There are a number of illnesses and disorders of pregnancy that can threaten the well-being of both mother and child. Obstetrical emergencies may also occur during active labor, and after delivery (postpartum).
Obstetrical emergencies of pregnancy
PLACENTAL ABRUPTION. In mild cases of placental abruption, bed rest may prevent further separation of the placenta and stem bleeding. If a significant abruption (over 50%) occurs, the fetus may have to be delivered immediately and a blood transfusion may be required.

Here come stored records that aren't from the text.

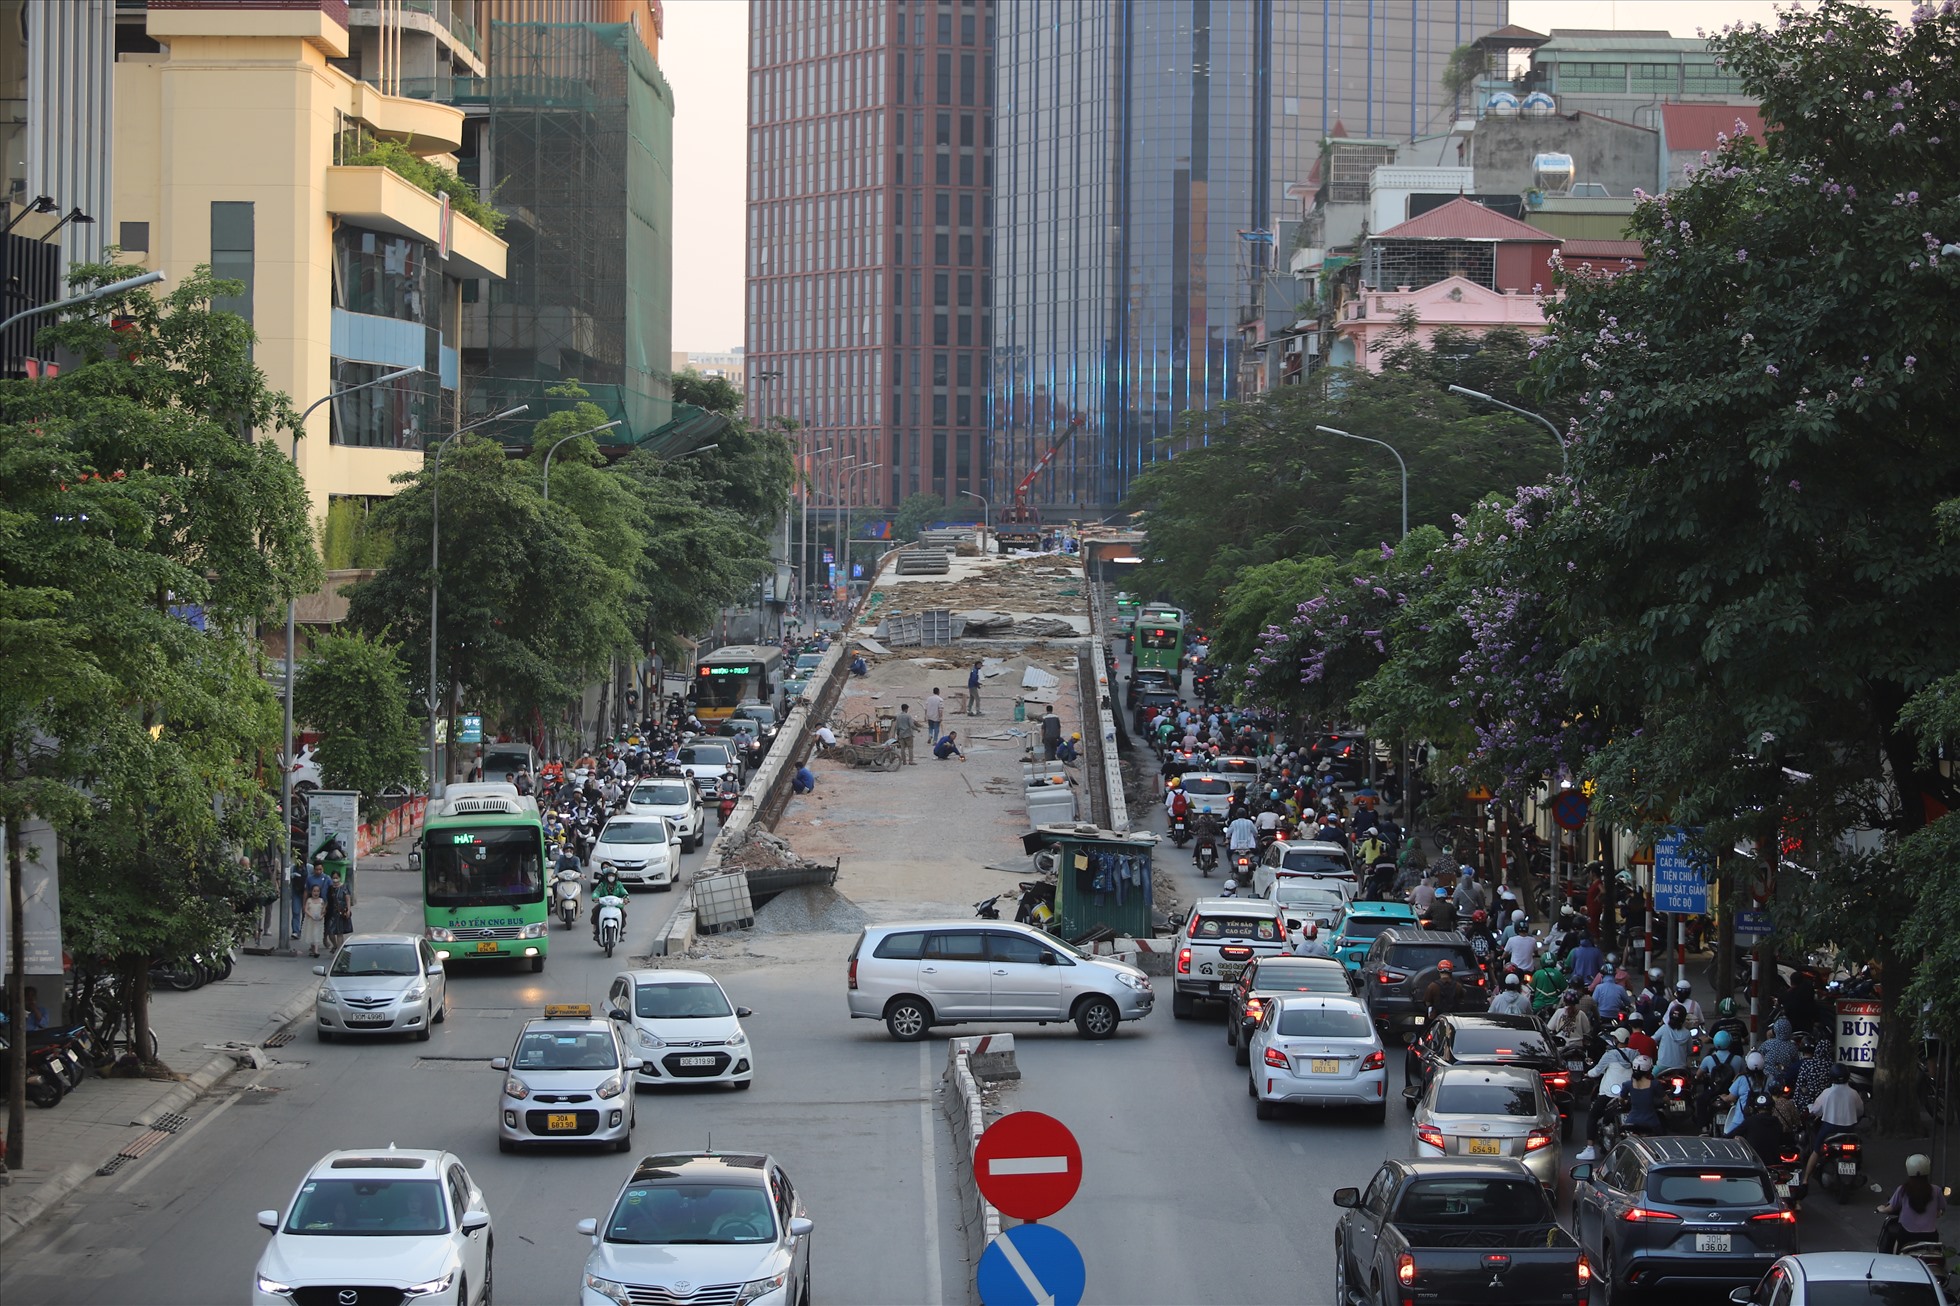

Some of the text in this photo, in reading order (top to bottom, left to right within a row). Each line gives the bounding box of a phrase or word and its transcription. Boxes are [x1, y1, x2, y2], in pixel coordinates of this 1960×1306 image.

[1660, 855, 1673, 867] CÁC
[1662, 869, 1677, 882] TIỆN
[1655, 883, 1672, 893] QUAN
[1688, 883, 1706, 896] GIẢM
[1668, 894, 1692, 910] TỐC ĐỘ
[468, 916, 486, 926] YẾN
[488, 918, 505, 926] CNG
[507, 917, 524, 925] BUS
[1842, 1003, 1864, 1012] Lan
[1842, 1017, 1880, 1036] BÚN
[1706, 1235, 1722, 1243] 30H
[1701, 1243, 1728, 1251] 136.02

PLACENTA PREVIA. Hospitalization or highly restricted at-home bed rest is usually recommended if placenta previa is diagnosed after the twentieth week of pregnancy. If the
PREECLAMPSIA/ECLAMPSIA. Treatment of preeclampsia depends upon the age of the fetus and the acuteness of the condition. A woman near full term who has only mild toxemia may have labor induced to deliver the child as soon as possible. Severe preeclampsia in a woman near term also calls for immediate delivery of the child, as this is the only known cure for the condition. However, if the fetus is under 28 weeks, the mother may be hospitalized and steroids may be administered to try to hasten lung development in the fetus. If the life of the mother or fetus appears to be in danger, the baby is delivered immediately, usually by cesarean section.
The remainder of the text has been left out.